The only ways I know to get information on fees is:

Be your cfos best friend

As the CFO of a cloud technology provider, I like to speak about finance and cybersecurity, two topics entirely capable of putting my dinner guests to sleep. Good cybersecurity is expensive, and bad cybersecurity is, well… even more expensive.

If you are not a cybergeek, it can be very difficult to tell the difference between the good stuff and the bad stuff, until something bad happens. Allow me to explain what information CFOs are looking for before they write the check.

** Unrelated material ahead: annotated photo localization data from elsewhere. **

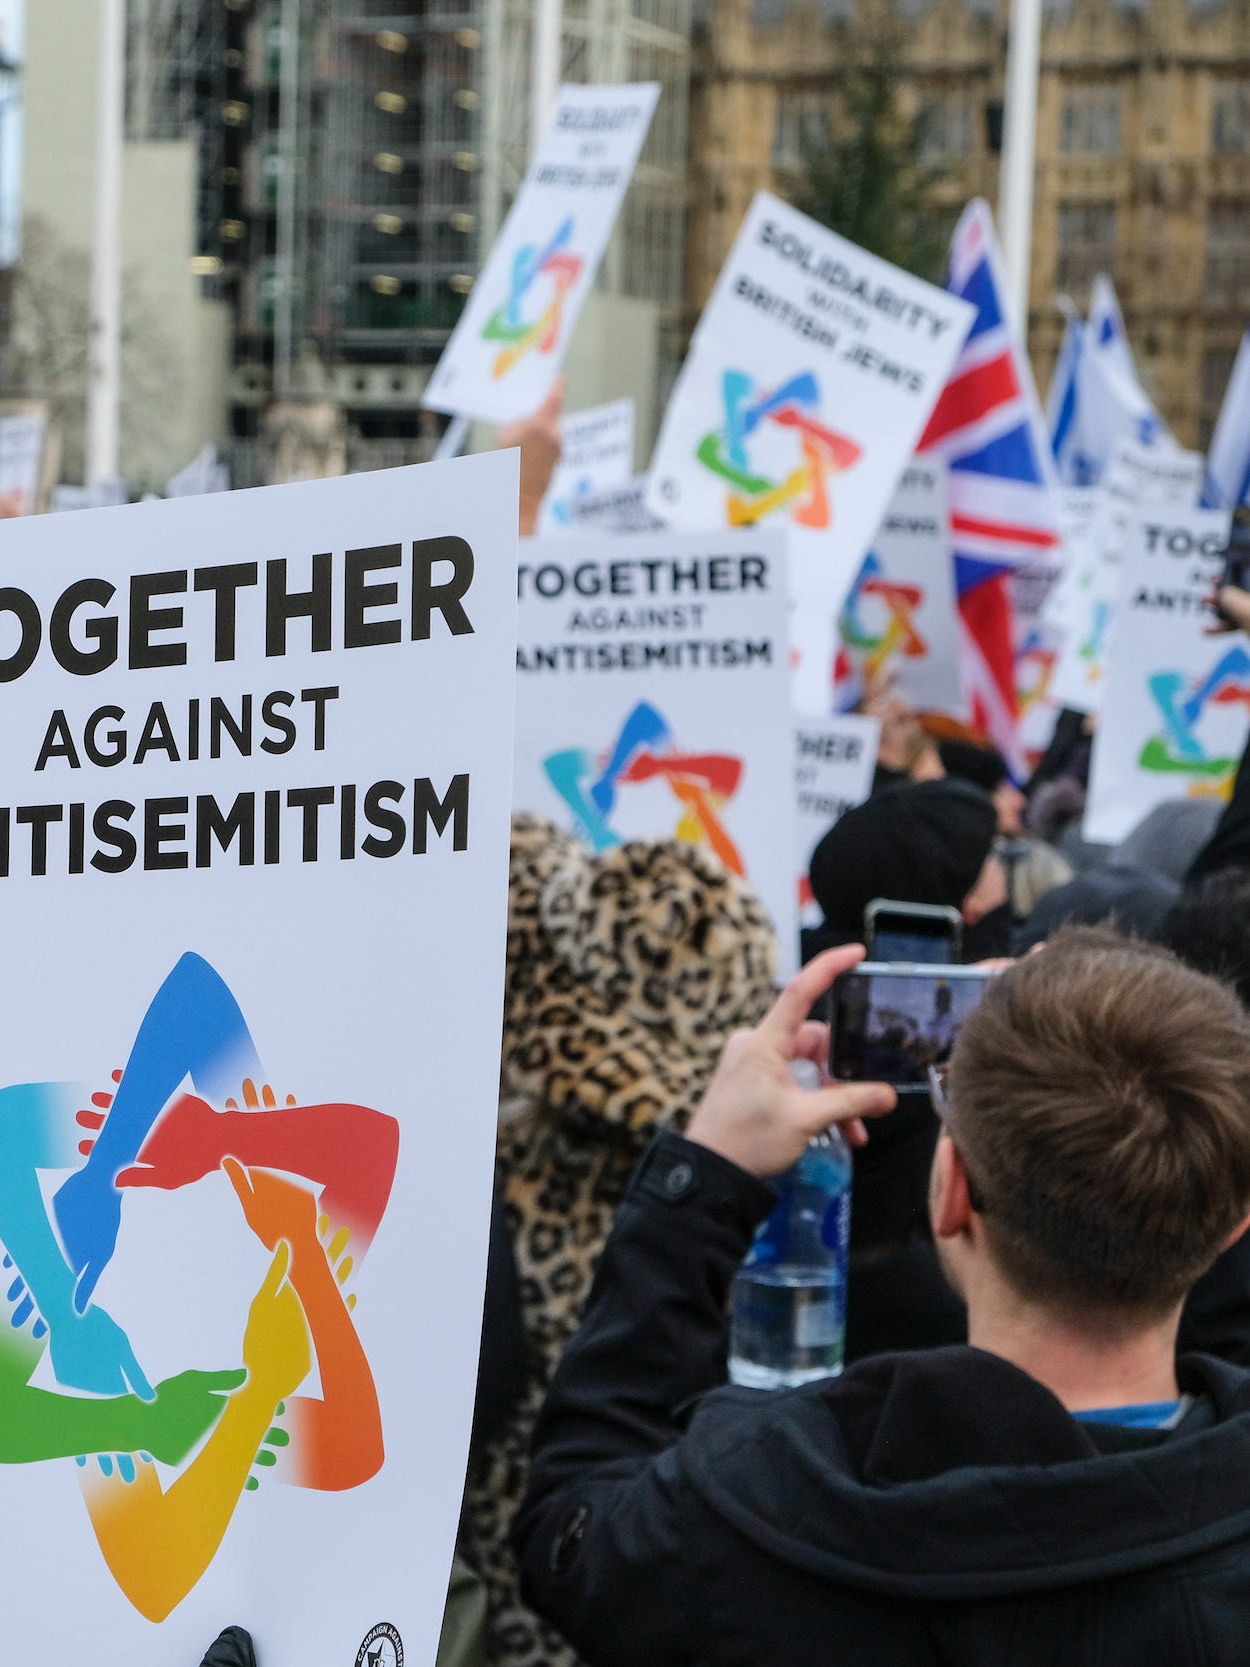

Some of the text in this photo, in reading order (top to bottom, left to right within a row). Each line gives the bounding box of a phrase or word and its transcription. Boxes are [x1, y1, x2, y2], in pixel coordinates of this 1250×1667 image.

[758, 219, 948, 340] SOLIDARITY
[735, 275, 924, 394] BRITISH JEWS
[569, 602, 707, 632] AGAINST
[515, 637, 772, 671] ANTISEMITISM
[33, 685, 340, 772] AGAINST
[357, 1624, 389, 1662] CAMPAIGN

This Be your cfos best friend not to say that all of the bells and whistles included in these offerings are not potentially useful and protective, but without a fully qualified pilot in the cockpit to operate and navigate all of the functionality, much of it ends up unused, or worse yet misused, resulting in false positives and corresponding organizational inefficiencies.

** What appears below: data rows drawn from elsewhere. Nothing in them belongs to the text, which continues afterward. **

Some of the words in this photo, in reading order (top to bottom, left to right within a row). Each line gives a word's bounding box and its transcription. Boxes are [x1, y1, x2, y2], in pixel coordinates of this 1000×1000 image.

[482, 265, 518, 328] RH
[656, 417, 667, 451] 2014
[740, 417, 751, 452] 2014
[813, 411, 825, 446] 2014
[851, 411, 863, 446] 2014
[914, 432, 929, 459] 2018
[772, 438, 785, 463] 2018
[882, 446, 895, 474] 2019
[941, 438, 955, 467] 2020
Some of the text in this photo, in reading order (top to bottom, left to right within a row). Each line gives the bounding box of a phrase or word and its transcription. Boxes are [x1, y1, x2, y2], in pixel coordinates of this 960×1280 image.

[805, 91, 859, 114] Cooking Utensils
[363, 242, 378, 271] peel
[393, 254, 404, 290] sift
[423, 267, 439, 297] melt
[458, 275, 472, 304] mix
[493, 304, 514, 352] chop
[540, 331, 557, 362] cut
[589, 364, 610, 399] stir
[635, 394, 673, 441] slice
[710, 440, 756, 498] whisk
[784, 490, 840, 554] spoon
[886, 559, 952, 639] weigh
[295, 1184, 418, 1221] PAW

CFOs would rather see fewer CapEx dollars spent on cyber investments, offset by more dollars spent on qualified professionals and organizational structure to manage those investments. Ultimately, this will yield a higher ROI. Understand that your CFO looks at cybersecurity spending like corporate insurance Cybersecurity investments often behave in a similar way to corporate insurance policies, although I think we can agree that these days we are much more likely to have a data breach than a fire or earthquake.

Just like with insurance, cyber investments are money spent to protect against an unlikely-to-happen threat. When we buy insurance, we make trade-off decisions because to completely insure our business against every event would cost us more than we make in revenue.

So we must be selective. CFOs look at cyber spending as they do insurance, which is to say probabilistically. Your CFO wants you to identify different types of cyber investments that might cover the same risks, or even be covered by implementing better policy.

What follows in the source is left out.